Your objective: Transcription, pictures excluded: write out the data below exactly.

Data for the task:
* * * * *

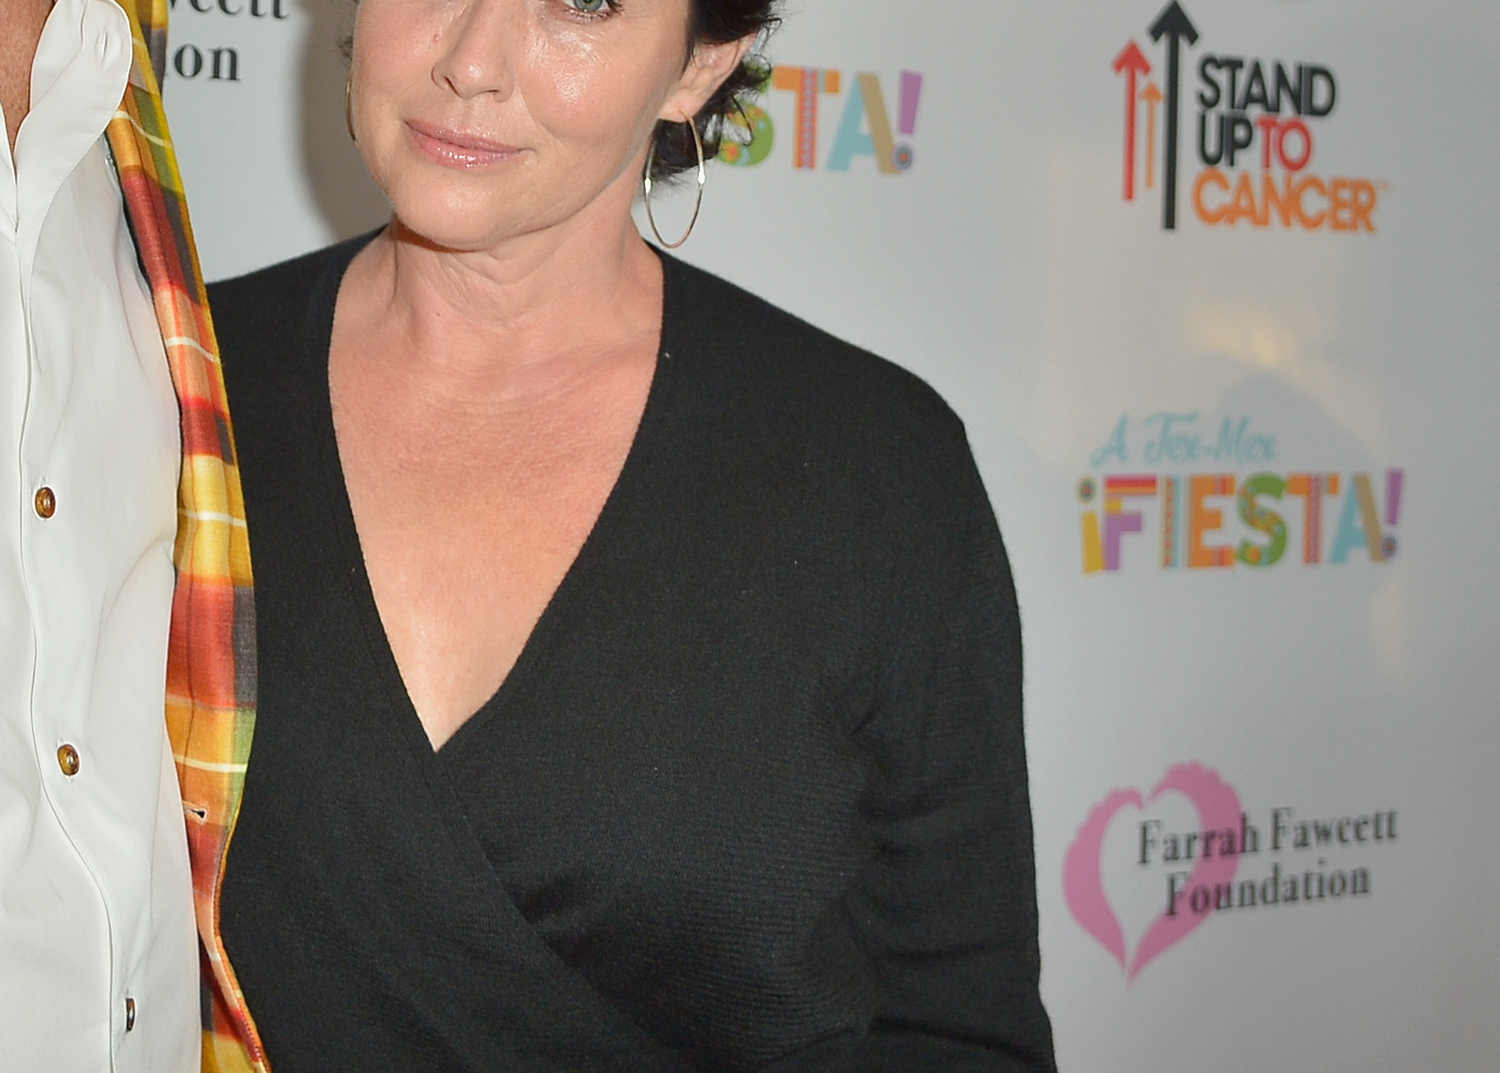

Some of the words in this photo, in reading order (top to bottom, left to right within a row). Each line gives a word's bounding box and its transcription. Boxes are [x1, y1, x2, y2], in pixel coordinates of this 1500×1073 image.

[1197, 56, 1335, 117] STAND
[1199, 112, 1254, 166] UP
[1256, 116, 1313, 171] TO
[1137, 811, 1261, 865] Farrah
[1270, 806, 1398, 852] Fawcett
[1166, 856, 1371, 918] Foundation

* * * * *

Output for this task:
Some of the words in this photo, in reading order (top to bottom, left to right within a row). Each line gives a word's bounding box and its transcription. Boxes are [x1, y1, x2, y2], in pixel coordinates of this 1500×1073 image.

[1197, 56, 1335, 117] STAND
[1199, 112, 1254, 166] UP
[1256, 116, 1313, 171] TO
[1137, 811, 1261, 865] Farrah
[1270, 806, 1398, 852] Fawcett
[1166, 856, 1371, 918] Foundation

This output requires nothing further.